Wie eine wachsende Zahl von Krankenhäusern bietet das BG Klinikum Duisburg spezielle Schulungen für den Umgang mit gewalttätigen oder bedrohlichen Patienten für Ärzte, Pflegende und sonstiges Personal an. Dabei lernen die Teilnehmer beruhigende Kommunikationsstrategien oder einfache Abwehr- und Fluchttechniken.
Bas ist Schirmherrin der Kampagne der Deutschen Gesetzlichen Unfallversicherung #GewaltAngehen, die sich seit drei Jahren der Gewaltprävention am Arbeitsplatz widmet. Mitarbeiter und Mitarbeiterinnen von Krankenhäusern und Kliniken sind demnach besonders häufig übergriffigem Verhalten von verbalen Attacken bis hin zu körperlichen Angriffen ausgesetzt.
Die Kampagne sei wieder wichtiger denn je, betonte Bas. Es gebe zunehmend Angriffe auf Rettungspersonal, Menschen in Uniform oder Pflegekräfte. „Das treibt mich schon um“, so die Ministerin. Die Menschen seien wütender, aggressiver geworden. „Wir können alle etwas dafür tun, mal wieder ein bisschen die Wut runterzufahren und vor allen Dingen den Respekt vor den anderen Menschen wieder mehr zu leben“, so ihr Appell.

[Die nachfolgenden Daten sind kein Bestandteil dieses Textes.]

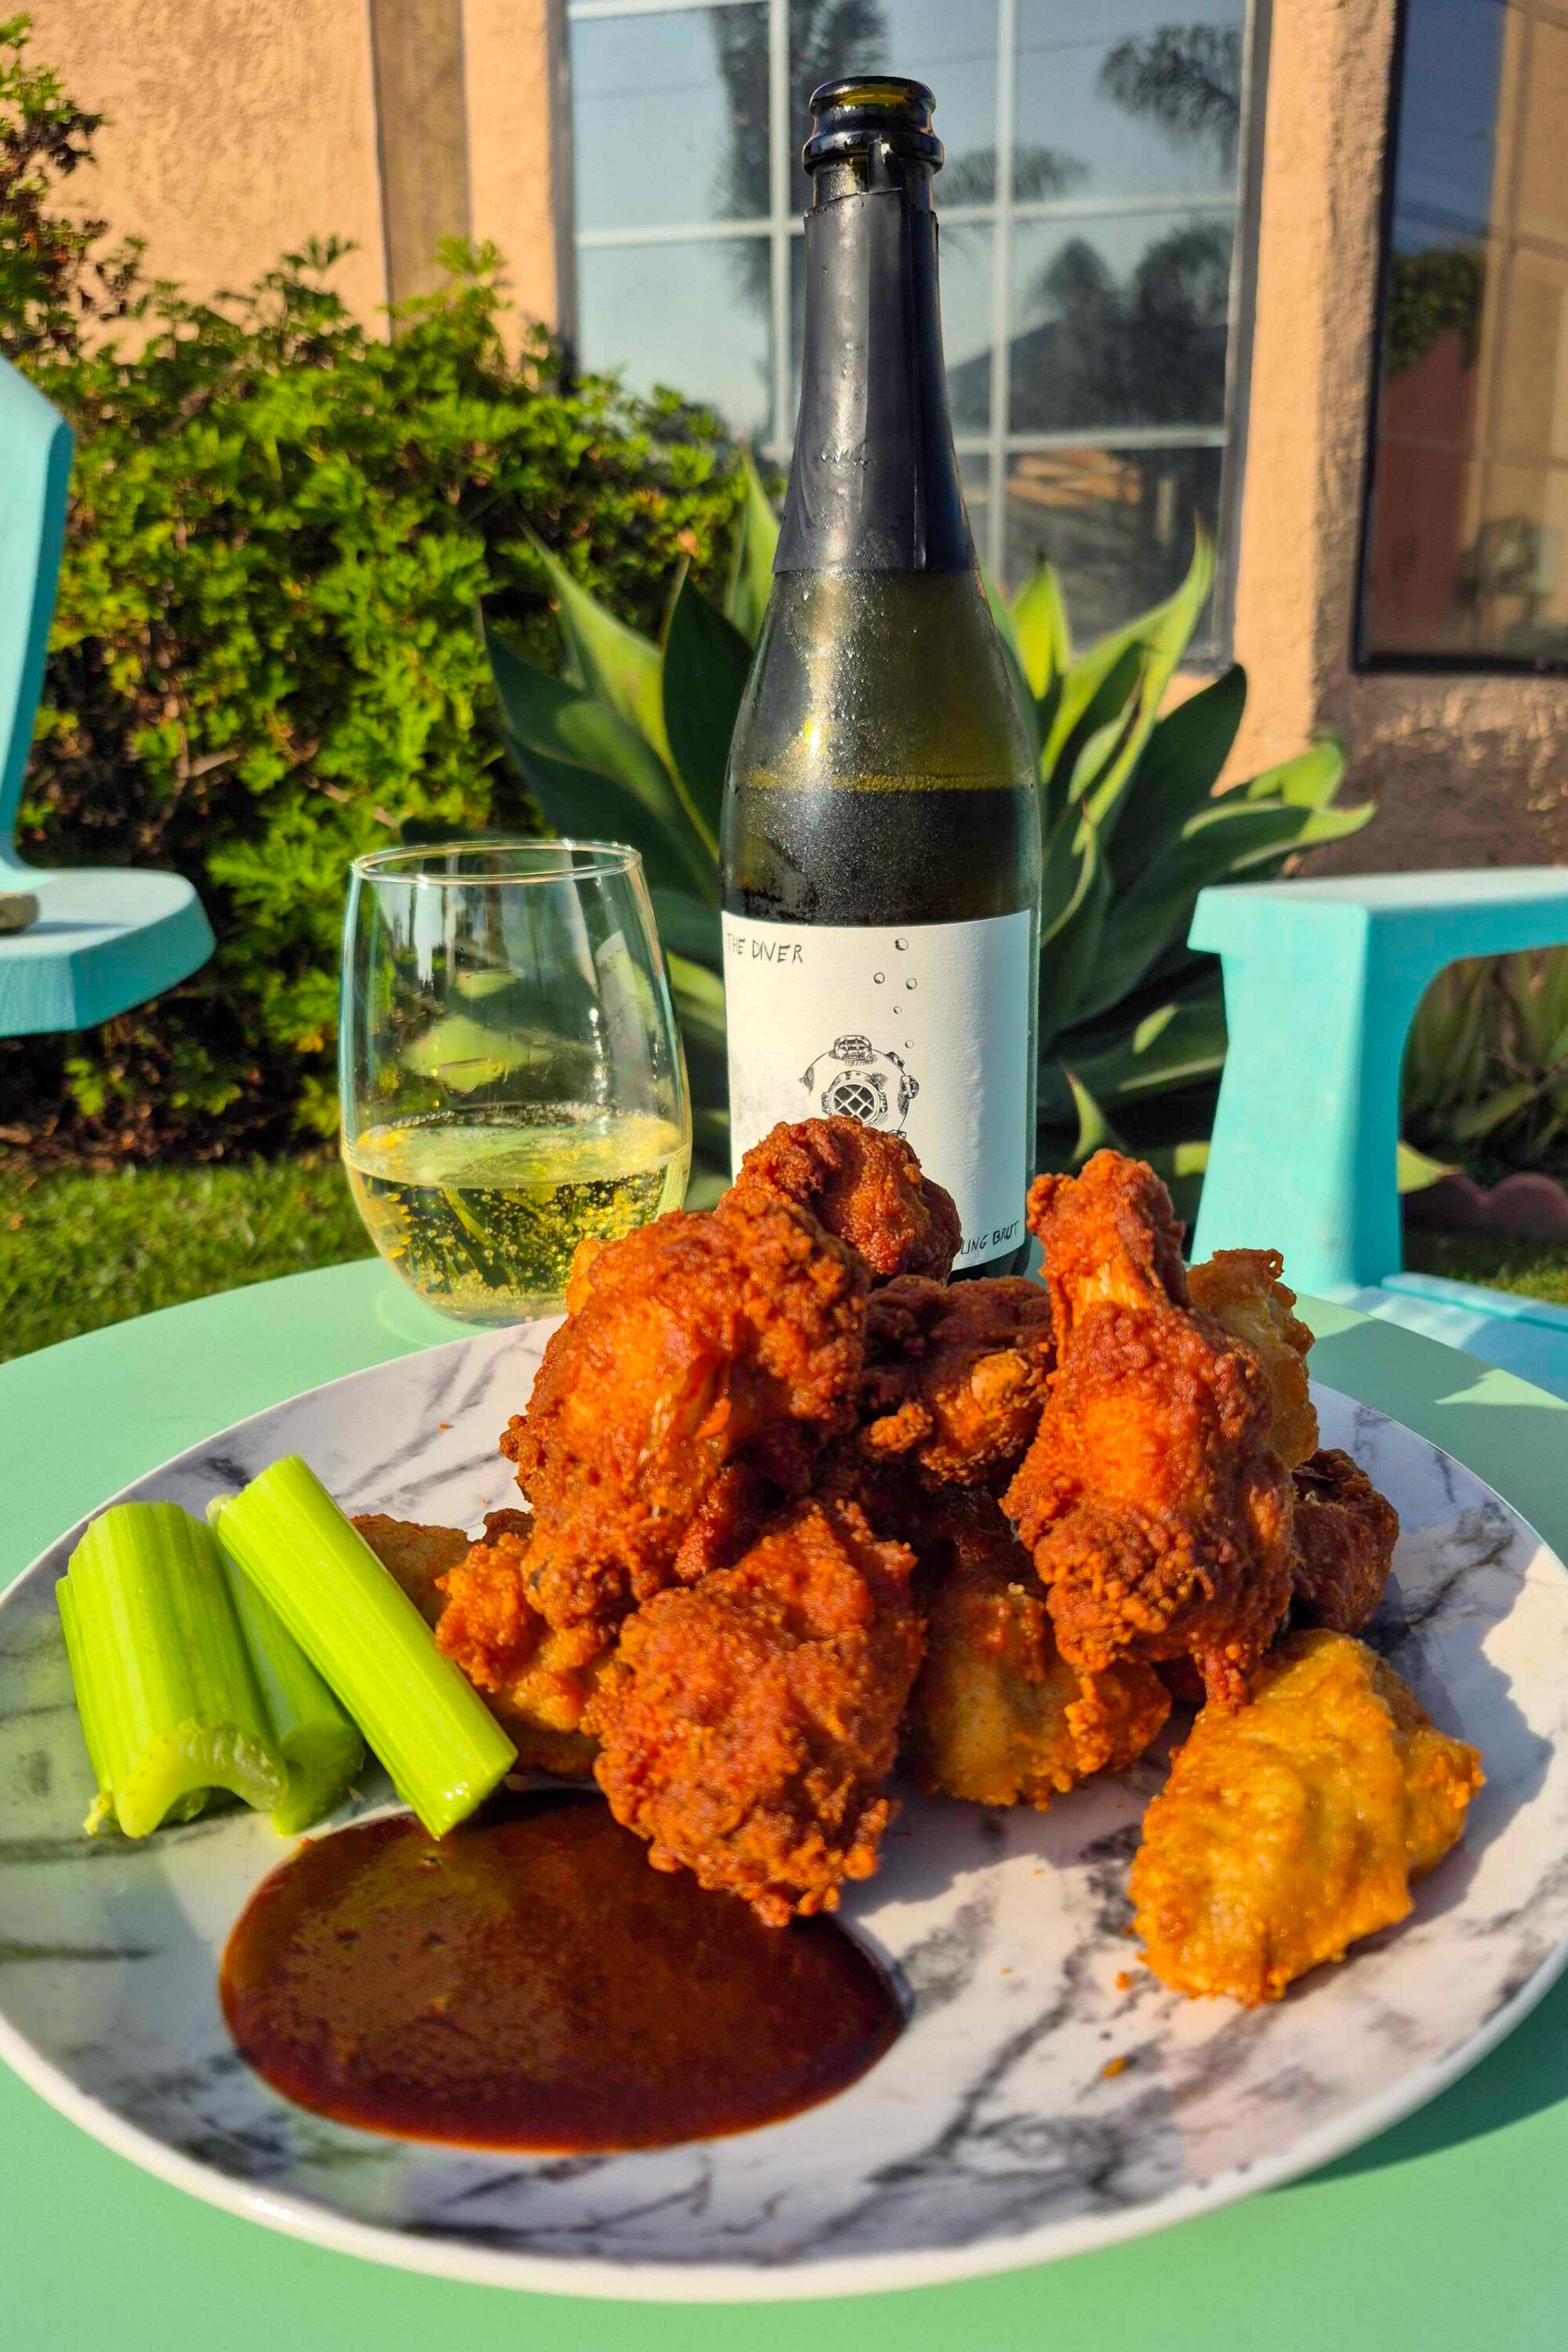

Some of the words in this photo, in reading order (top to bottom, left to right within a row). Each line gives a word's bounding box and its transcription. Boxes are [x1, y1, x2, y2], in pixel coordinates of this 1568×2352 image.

Gleichzeitig sprach sich Bas für Strafverschärfungen aus: Ein entsprechender Gesetzentwurf, der vorsieht, Übergriffe auf Mitarbeitende bestimmter Heilberufe genauso scharf zu bestrafen wie dies bereits bei Übergriffen auf Feuerwehrleute und Polizisten möglich ist, soll nach der Sommerpause beraten werden. Wenn tatsächlich Gewalt passiere, müsse diese auch spürbar bestraft werden, so Bas.
Bisher ist ein Angriff in einer Notaufnahme strafrechtlich eine reguläre Körperverletzung und kann maximal mit einer Freiheitsstrafe von fünf Jahren geahndet werden.